This is explained from verses and the Sages in countless places, and much in Deuteronomy and the Prophets. Does the Shema, which was accepted as foundational, deal with practical commandments? And Hillel the Elder said to the person who came to convert that love (for the Creator and for man, which are one as Rashi wrote there) is the whole Torah on one foot, and all the rest is its explanation. And love and knowledge are the same thing.
And Maimonides wrote at the end of chapter 4 of Laws of the Foundations of the Torah that Ma’aseh Merkavah, which according to his words is Aristotle’s metaphysics, is a “great matter,” while the discussions of Abaye and Rava are a “small matter.”

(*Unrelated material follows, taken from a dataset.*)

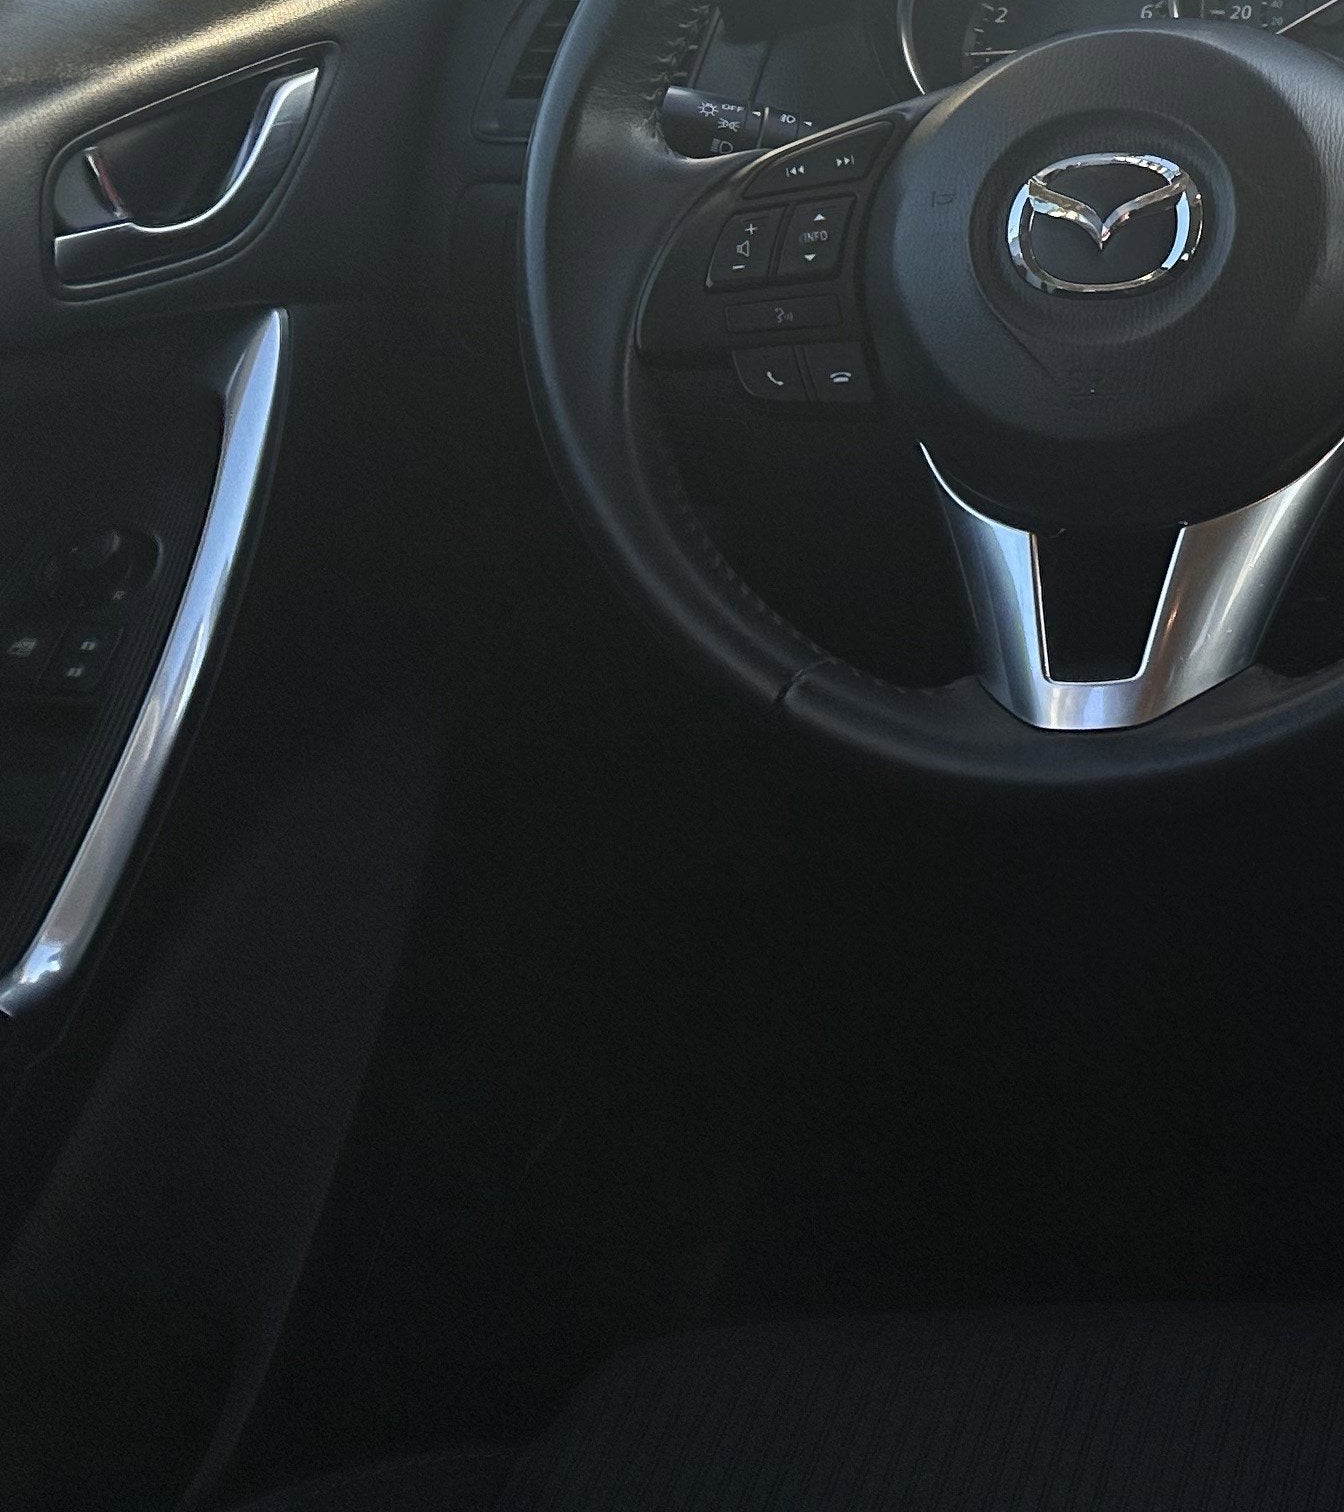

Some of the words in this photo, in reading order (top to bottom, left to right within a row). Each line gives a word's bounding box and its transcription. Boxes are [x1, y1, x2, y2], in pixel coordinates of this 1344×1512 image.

Obviously everything that the Creator revealed to His creatures is foundational and binding and vital, and one cannot possibly be lenient in it, certainly not empty it of its plain meaning, and certainly not give it up. The practical commandments are included in this, and after the Creator obligated us and made the covenant of Sinai with us concerning this, it is an absolute obligation, and there is in it divine wisdom and divine holiness. Heaven forbid that I mean to say that anyone may decide for himself whether and what to observe; to do so is complete rebellion and heresy. And in the words of God we have no right to determine what is more essential and important than what. But the Creator Himself wrote in the Torah (for me, Maimonides is Torah) that in His words there is a foundation and there are branches, and the foundation is attaining knowledge of God and love of Him, not practical commandments. And if Spinoza errs in attaining knowledge of God, then by that he is outside Judaism, because that is the essence; and even if he were meticulous in Jewish law like the greatest disciples of the Hazon Ish, it would not help him.
It is also written that one who acts not for its own sake — it would have been preferable had his placenta turned over his face, etc. And the whole permission to act not for its own sake is only because from acting not for its own sake one comes to act for its own sake. Meaning that “not for its own sake” has value not in itself, but only because it brings one to something different from itself. One who performs actions not for their own sake, and does not know why he does them, and says only that this is the will of God and one should not question it and it does not matter whether we understand — Maimonides in Guide for the Perplexed III:25–26 attacks that approach very strongly.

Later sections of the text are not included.